Copy the entries below exactly, but only from the line containing "this 2576×1449 image." through the final line.

(Saved entries)
========================================
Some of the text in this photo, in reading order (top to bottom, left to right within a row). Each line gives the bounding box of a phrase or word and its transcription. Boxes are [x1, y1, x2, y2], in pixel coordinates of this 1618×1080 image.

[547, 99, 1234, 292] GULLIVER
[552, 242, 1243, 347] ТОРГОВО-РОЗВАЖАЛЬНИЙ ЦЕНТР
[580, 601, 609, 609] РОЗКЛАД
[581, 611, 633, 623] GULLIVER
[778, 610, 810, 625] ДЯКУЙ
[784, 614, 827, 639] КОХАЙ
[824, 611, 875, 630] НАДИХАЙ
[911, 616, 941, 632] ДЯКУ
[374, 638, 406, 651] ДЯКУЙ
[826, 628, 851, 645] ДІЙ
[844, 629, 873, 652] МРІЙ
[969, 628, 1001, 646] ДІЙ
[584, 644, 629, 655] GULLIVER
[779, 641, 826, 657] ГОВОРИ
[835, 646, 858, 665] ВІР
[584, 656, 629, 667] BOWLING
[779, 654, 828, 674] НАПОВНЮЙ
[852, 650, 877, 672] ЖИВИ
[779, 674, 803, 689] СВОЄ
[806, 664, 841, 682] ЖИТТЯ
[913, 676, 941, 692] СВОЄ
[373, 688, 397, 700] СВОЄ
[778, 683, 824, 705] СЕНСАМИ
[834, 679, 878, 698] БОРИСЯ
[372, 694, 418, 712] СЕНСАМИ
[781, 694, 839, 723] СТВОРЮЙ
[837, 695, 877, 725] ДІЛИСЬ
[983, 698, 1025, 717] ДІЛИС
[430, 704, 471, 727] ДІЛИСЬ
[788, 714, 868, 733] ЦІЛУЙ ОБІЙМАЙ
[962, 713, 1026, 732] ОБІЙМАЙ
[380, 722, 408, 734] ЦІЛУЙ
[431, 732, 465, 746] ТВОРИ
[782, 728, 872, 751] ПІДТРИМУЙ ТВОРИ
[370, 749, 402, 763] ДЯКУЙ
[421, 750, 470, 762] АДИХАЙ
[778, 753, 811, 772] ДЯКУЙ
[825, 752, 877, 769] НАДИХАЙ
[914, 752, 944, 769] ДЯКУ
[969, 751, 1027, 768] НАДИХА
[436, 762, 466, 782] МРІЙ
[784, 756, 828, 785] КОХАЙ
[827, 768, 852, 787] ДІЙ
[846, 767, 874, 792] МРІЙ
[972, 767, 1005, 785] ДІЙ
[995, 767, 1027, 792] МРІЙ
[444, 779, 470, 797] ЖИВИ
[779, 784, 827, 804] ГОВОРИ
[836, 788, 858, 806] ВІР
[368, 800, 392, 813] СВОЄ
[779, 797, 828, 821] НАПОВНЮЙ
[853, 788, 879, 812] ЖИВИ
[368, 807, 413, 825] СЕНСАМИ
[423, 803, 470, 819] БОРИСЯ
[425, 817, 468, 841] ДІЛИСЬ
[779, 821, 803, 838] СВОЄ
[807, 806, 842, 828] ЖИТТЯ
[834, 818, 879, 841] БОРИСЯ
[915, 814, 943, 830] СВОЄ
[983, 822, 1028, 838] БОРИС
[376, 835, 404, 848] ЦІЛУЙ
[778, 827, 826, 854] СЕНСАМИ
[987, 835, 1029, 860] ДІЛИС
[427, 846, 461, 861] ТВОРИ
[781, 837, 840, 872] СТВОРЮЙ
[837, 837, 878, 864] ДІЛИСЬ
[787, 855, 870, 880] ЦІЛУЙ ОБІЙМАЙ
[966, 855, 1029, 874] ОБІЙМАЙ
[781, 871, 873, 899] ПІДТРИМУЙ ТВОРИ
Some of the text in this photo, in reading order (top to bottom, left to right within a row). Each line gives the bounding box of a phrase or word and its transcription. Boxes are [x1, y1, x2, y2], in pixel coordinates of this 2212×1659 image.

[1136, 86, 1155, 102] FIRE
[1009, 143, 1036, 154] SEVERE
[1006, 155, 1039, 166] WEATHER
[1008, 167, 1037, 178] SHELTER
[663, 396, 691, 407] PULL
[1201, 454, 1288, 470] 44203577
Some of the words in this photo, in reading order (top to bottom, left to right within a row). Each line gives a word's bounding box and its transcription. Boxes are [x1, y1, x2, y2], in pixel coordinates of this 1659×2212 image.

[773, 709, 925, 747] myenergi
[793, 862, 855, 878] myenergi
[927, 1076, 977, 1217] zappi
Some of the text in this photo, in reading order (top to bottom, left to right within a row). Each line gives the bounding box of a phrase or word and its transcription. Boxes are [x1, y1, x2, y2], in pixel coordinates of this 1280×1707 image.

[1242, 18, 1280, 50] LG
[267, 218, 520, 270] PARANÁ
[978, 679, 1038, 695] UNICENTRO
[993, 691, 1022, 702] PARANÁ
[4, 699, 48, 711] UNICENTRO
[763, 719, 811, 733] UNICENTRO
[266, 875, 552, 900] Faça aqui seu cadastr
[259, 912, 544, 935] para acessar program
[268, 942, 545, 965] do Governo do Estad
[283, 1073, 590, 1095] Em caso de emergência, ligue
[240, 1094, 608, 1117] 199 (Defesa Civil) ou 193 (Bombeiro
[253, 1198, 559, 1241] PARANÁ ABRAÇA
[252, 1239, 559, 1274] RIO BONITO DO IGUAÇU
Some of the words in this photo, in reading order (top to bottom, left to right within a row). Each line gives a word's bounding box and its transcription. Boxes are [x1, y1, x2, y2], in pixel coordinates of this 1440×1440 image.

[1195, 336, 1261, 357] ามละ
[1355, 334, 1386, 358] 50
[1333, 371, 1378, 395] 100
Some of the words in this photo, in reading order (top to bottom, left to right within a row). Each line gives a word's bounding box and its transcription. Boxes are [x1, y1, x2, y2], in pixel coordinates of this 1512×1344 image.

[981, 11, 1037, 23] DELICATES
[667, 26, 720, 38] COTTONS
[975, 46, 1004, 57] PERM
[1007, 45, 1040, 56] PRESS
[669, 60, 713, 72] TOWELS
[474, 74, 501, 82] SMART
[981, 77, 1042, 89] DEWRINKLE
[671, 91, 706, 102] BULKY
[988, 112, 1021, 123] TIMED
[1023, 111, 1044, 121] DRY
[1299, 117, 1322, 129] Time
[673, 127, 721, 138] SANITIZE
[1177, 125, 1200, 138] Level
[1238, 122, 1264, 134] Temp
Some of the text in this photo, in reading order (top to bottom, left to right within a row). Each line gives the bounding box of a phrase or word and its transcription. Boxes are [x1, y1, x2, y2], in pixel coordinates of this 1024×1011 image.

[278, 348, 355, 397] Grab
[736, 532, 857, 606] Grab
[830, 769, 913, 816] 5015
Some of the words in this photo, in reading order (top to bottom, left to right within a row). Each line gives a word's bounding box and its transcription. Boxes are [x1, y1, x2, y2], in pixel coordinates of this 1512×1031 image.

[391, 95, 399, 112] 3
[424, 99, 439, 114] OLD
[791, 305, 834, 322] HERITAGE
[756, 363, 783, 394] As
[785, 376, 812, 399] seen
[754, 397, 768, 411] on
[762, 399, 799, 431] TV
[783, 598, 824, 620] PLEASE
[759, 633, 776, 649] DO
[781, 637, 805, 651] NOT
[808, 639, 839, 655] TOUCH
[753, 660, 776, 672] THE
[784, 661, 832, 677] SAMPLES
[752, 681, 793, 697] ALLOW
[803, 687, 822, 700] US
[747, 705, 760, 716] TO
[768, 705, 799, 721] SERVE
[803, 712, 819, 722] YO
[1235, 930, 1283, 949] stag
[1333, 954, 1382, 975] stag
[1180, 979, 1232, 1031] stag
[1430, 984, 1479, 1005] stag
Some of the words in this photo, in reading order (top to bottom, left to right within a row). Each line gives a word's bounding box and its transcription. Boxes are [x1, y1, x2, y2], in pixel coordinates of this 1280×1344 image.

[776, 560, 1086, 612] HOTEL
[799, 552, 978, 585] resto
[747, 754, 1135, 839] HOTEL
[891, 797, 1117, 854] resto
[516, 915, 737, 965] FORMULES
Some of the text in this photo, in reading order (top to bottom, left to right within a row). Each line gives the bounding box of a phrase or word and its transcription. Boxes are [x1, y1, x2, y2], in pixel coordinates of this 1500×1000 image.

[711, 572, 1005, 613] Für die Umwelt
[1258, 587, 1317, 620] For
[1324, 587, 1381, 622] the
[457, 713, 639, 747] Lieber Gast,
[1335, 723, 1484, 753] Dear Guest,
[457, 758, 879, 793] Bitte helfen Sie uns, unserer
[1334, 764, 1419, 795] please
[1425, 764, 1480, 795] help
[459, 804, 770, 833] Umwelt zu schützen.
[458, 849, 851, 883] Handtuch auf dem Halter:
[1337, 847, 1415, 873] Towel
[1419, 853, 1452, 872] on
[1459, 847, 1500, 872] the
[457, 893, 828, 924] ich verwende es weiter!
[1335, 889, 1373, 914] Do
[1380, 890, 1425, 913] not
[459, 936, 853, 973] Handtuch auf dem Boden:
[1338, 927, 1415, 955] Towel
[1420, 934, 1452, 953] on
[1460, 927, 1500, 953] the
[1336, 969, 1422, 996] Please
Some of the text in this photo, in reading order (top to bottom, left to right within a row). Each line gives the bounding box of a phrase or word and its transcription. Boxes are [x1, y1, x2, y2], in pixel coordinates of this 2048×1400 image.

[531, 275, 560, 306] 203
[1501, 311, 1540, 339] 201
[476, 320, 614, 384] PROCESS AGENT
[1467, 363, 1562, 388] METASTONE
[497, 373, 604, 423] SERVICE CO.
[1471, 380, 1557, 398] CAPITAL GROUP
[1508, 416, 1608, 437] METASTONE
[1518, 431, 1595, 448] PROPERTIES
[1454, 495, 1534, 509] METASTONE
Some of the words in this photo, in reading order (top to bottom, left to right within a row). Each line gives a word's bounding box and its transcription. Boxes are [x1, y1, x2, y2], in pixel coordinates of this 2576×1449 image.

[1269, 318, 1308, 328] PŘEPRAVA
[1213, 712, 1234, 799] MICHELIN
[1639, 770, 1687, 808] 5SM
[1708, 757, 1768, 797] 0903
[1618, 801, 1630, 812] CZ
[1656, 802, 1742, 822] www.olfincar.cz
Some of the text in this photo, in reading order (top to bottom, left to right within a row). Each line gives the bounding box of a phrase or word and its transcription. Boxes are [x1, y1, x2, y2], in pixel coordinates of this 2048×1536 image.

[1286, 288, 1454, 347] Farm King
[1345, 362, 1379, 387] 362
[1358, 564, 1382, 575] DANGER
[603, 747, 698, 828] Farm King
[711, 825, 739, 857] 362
========================================
Result for this task
Some of the words in this photo, in reading order (top to bottom, left to right within a row). Each line gives a word's bounding box and its transcription. Boxes are [x1, y1, x2, y2], in pixel coordinates of this 2576×1449 image.

[1269, 318, 1308, 328] PŘEPRAVA
[1213, 712, 1234, 799] MICHELIN
[1639, 770, 1687, 808] 5SM
[1708, 757, 1768, 797] 0903
[1618, 801, 1630, 812] CZ
[1656, 802, 1742, 822] www.olfincar.cz
Some of the text in this photo, in reading order (top to bottom, left to right within a row). Each line gives the bounding box of a phrase or word and its transcription. Boxes are [x1, y1, x2, y2], in pixel coordinates of this 2048×1536 image.

[1286, 288, 1454, 347] Farm King
[1345, 362, 1379, 387] 362
[1358, 564, 1382, 575] DANGER
[603, 747, 698, 828] Farm King
[711, 825, 739, 857] 362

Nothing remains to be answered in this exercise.